Among the search terms I investigated were a handful that either made little or no sense to me, struck me as odd or scared the crap out of me. Here’s a quick rundown, which I hope you can figure out since I had very little luck in doing so: sparkly devil, pissed off, rectal exam, happiness bald—I am glad to know there are happy bald people in the world—kids handcuffed, poo cake/poo poo—for any scat fans in the bunch—urge to lick things, acid cow camel and snake eating human.
This last phrase was a little confusing since I couldn’t figure out who was eating who!
Good Clean Fun
Sadly, I found only two search terms that classify as wholesome or even normal: freedom and childbirth. Most focused on my next major category, which should come as no surprise.
Let’s Talk About Sex, Baby
Yes, the overwhelming subject of most Gnostic Bent searches is everyone’s favorite: SEX. And I’m not just talking about typical search terms, either, even though they were clearly represented (sex, sex videos, upskirt and couples making love naked all made the list).

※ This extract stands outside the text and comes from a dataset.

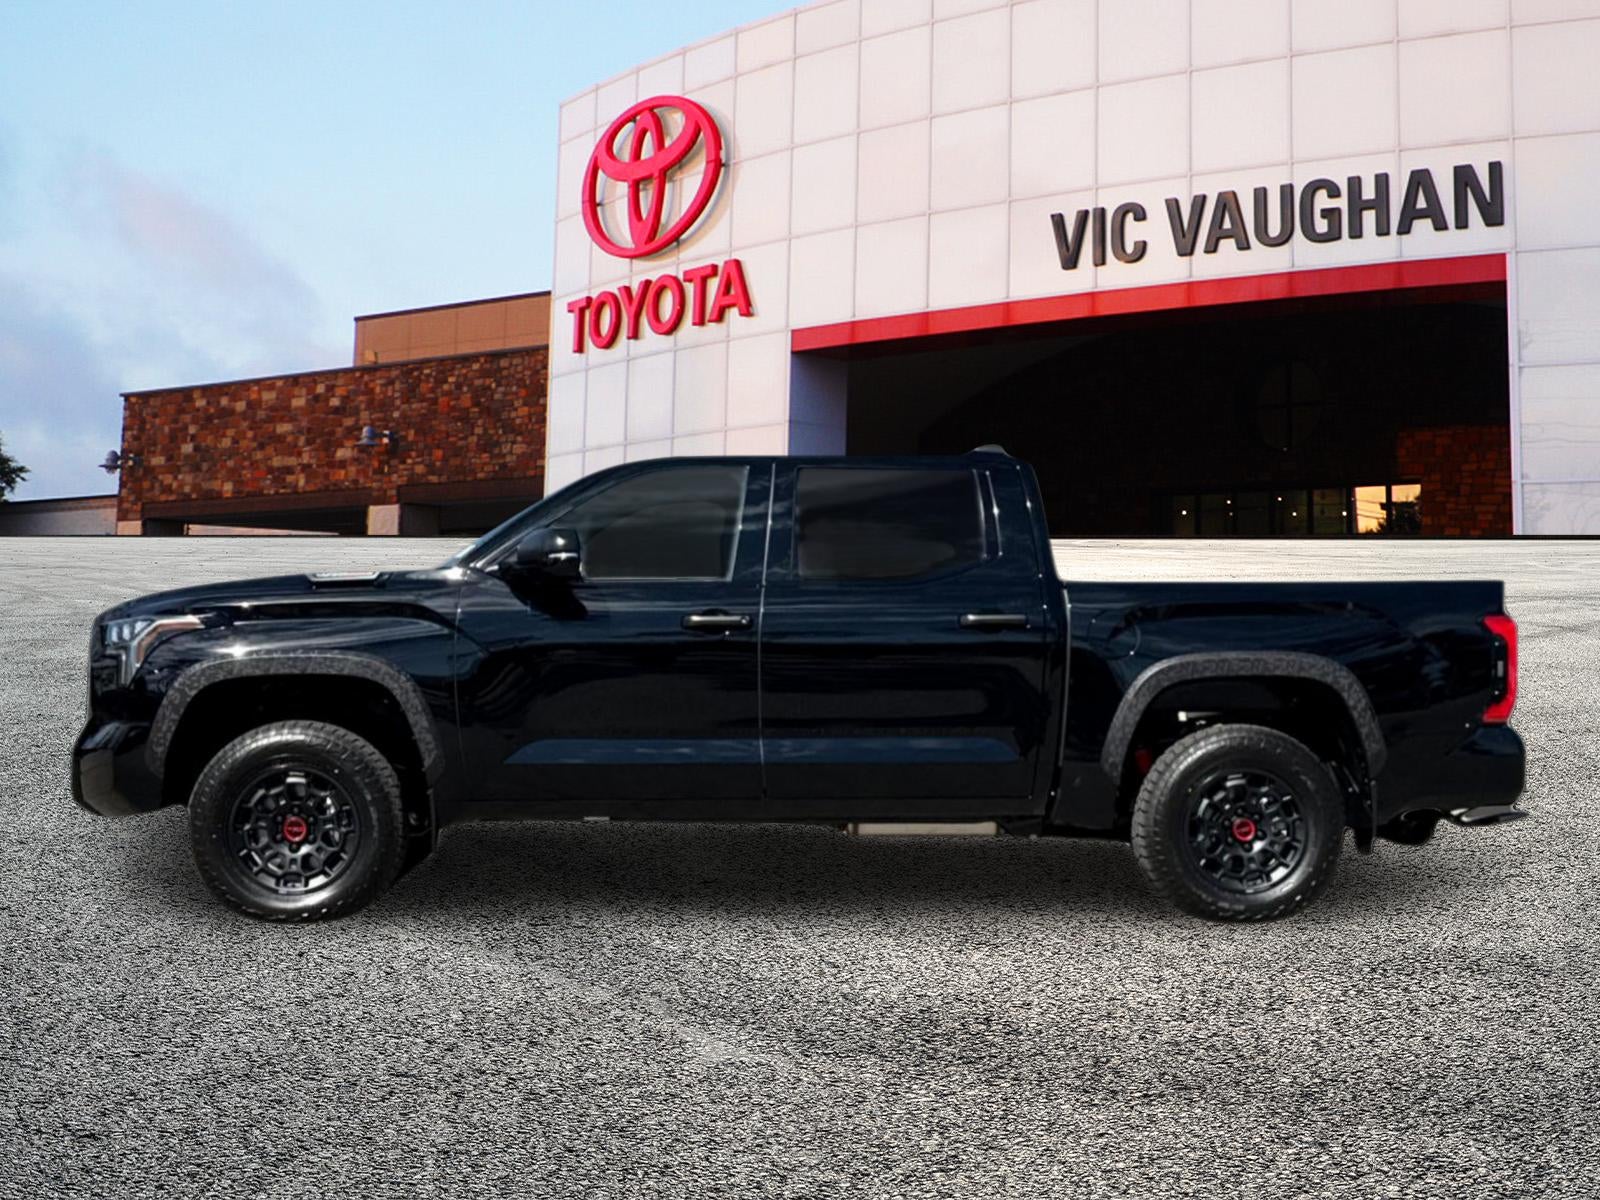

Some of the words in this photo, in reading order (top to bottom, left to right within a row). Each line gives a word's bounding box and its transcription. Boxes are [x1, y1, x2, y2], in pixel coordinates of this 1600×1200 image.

[1051, 203, 1147, 270] VIC
[1165, 161, 1505, 257] VAUGHAN
[568, 259, 753, 353] TOYOTA

Of course, I am a little confused how people could make love without being naked—at least partially—but to each, his own.
In general, sex-related search terms fell into a number of different categories. Here’s how I have them grouped up—and again, some of these terms made me laugh so hard that I almost crapped my pants:
- Where’s the Beef? Man parts were well represented by terms like penis size does matter, lick dick and how to suck a penis. Sorry that I could offer no advice on these last two, but they seem rather self-explanatory. And most women I know learned through trial-and-error. It’s probably best to ask one of them for assistance.
- From Behind. As a self-professed “ass man”—as well as a blogger known for posting images of women’s back sides on a regular basis—I wasn’t surprised by how many terms focused on this anatomical feature. However, the specificity of some of these terms caught me a little off guard: butt crack, booty line up, ghetto booty, bent ass, curvy ass—those two were kind of weird—her ass, her shitter—one of my friends substitutes the word dumper, which to me seems rather gross—and the most mind-boggling of all, ass found and found in her ass. It matters little, though, since I have never lost an ass and still consider them all to be “exit only.”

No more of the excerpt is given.